GIVEN RECORDS: Begin

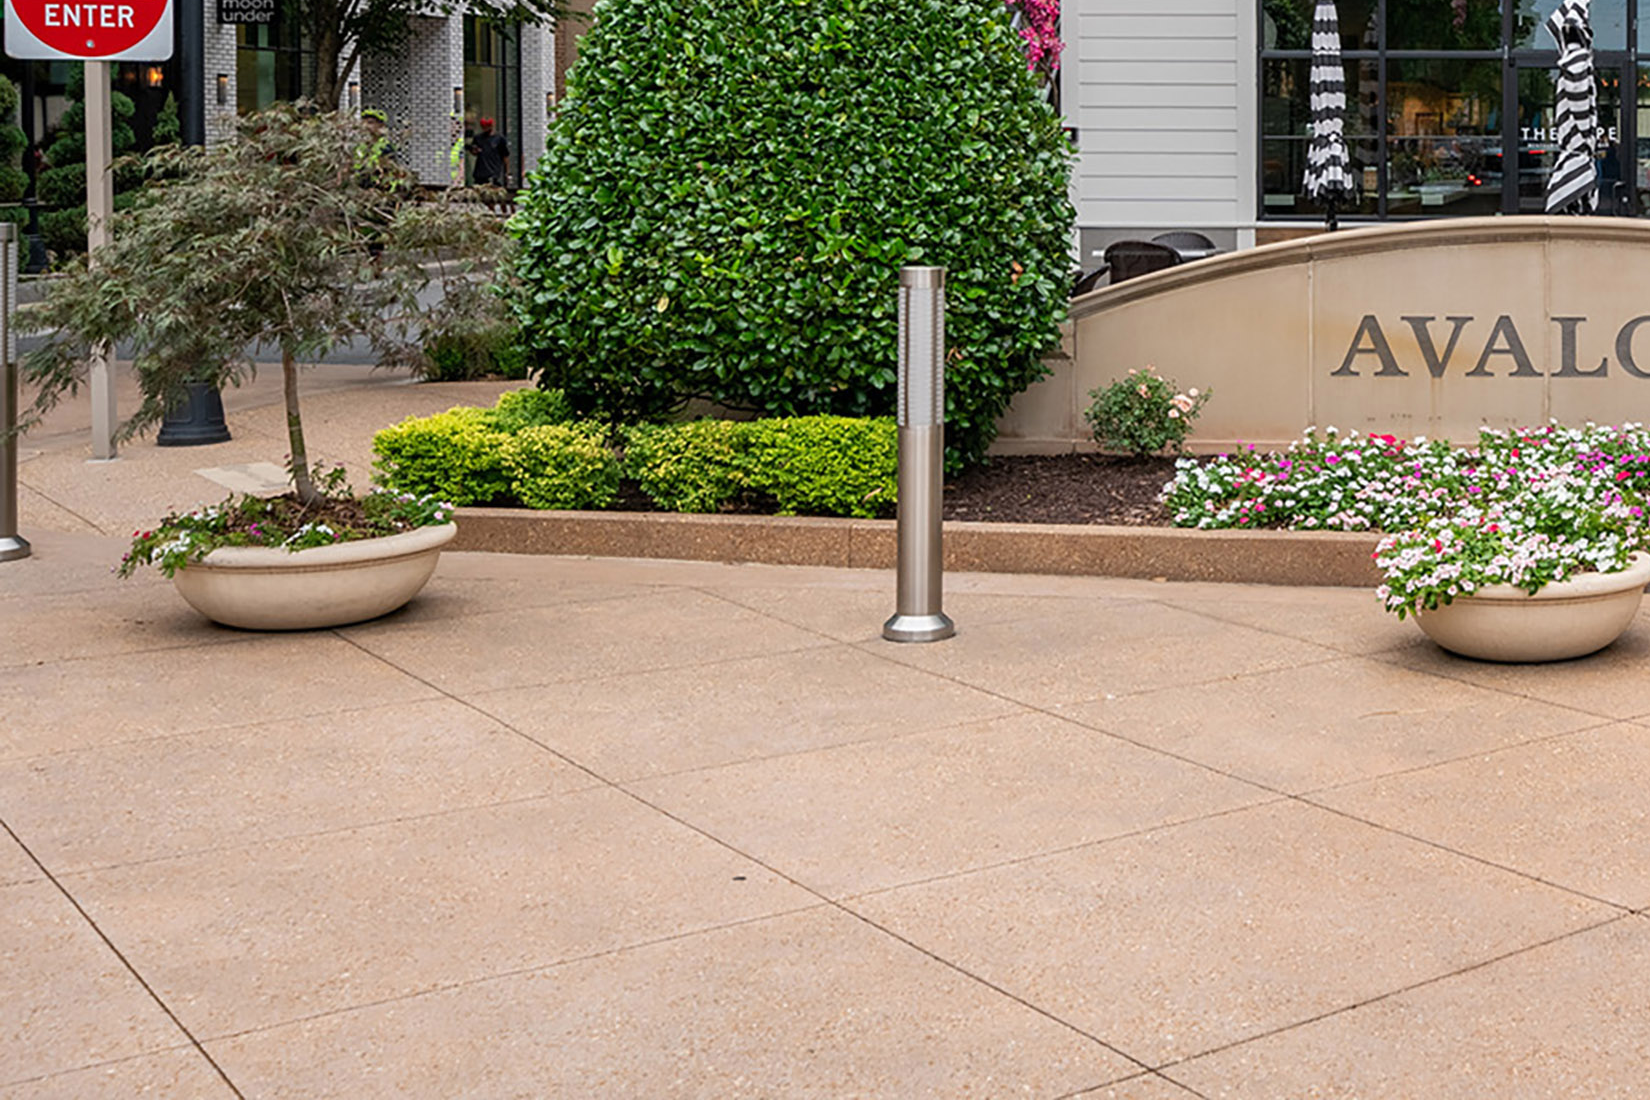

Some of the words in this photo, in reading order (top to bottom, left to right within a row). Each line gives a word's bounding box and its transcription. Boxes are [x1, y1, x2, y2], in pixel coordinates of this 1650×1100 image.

[44, 3, 135, 28] ENTER
[222, 10, 275, 22] under
[1520, 127, 1558, 141] THE
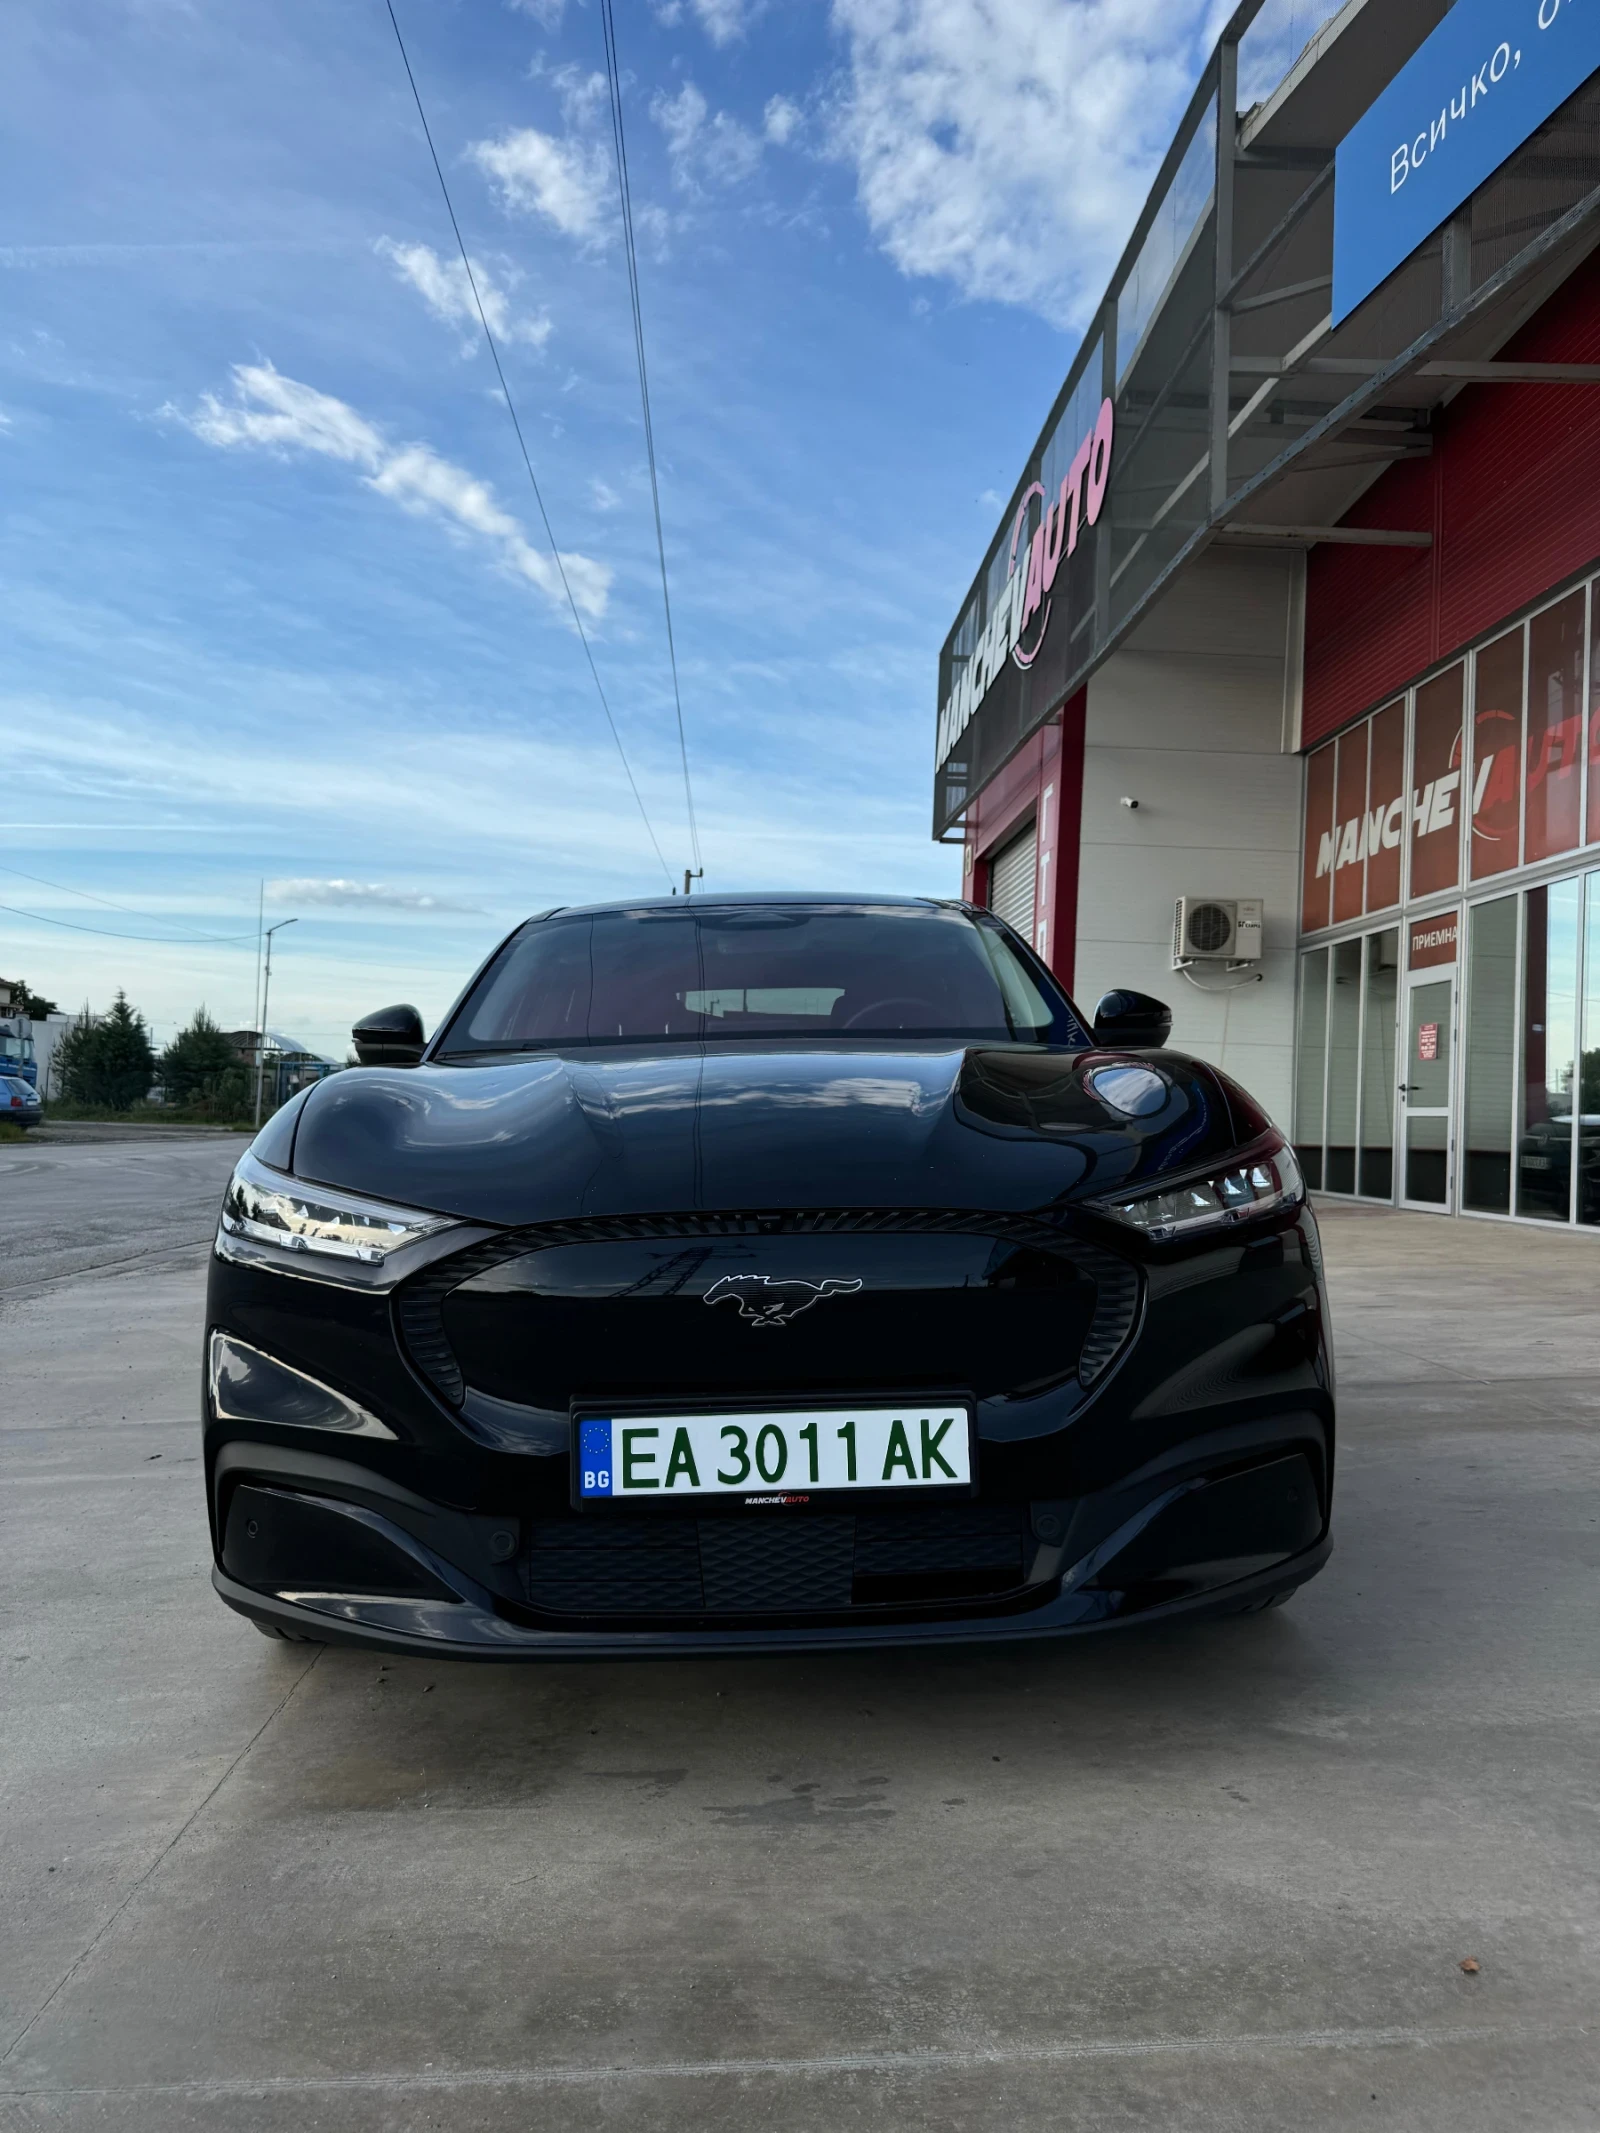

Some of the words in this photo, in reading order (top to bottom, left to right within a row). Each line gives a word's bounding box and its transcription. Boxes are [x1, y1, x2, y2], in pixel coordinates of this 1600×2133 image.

GIVEN RECORDS: End

▸ **TASK TO COMPLETE**:
Print the listing word for word but skip its pictures.

▸ **SOLUTION TO THIS PROBLEM**:
Some of the words in this photo, in reading order (top to bottom, left to right within a row). Each line gives a word's bounding box and its transcription. Boxes are [x1, y1, x2, y2], in pixel coordinates of this 1650×1100 image.

[44, 3, 135, 28] ENTER
[222, 10, 275, 22] under
[1520, 127, 1558, 141] THE

Some of the words in this photo, in reading order (top to bottom, left to right within a row). Each line gives a word's bounding box and its transcription. Boxes are [x1, y1, x2, y2], in pixel coordinates of this 1600×2133 image.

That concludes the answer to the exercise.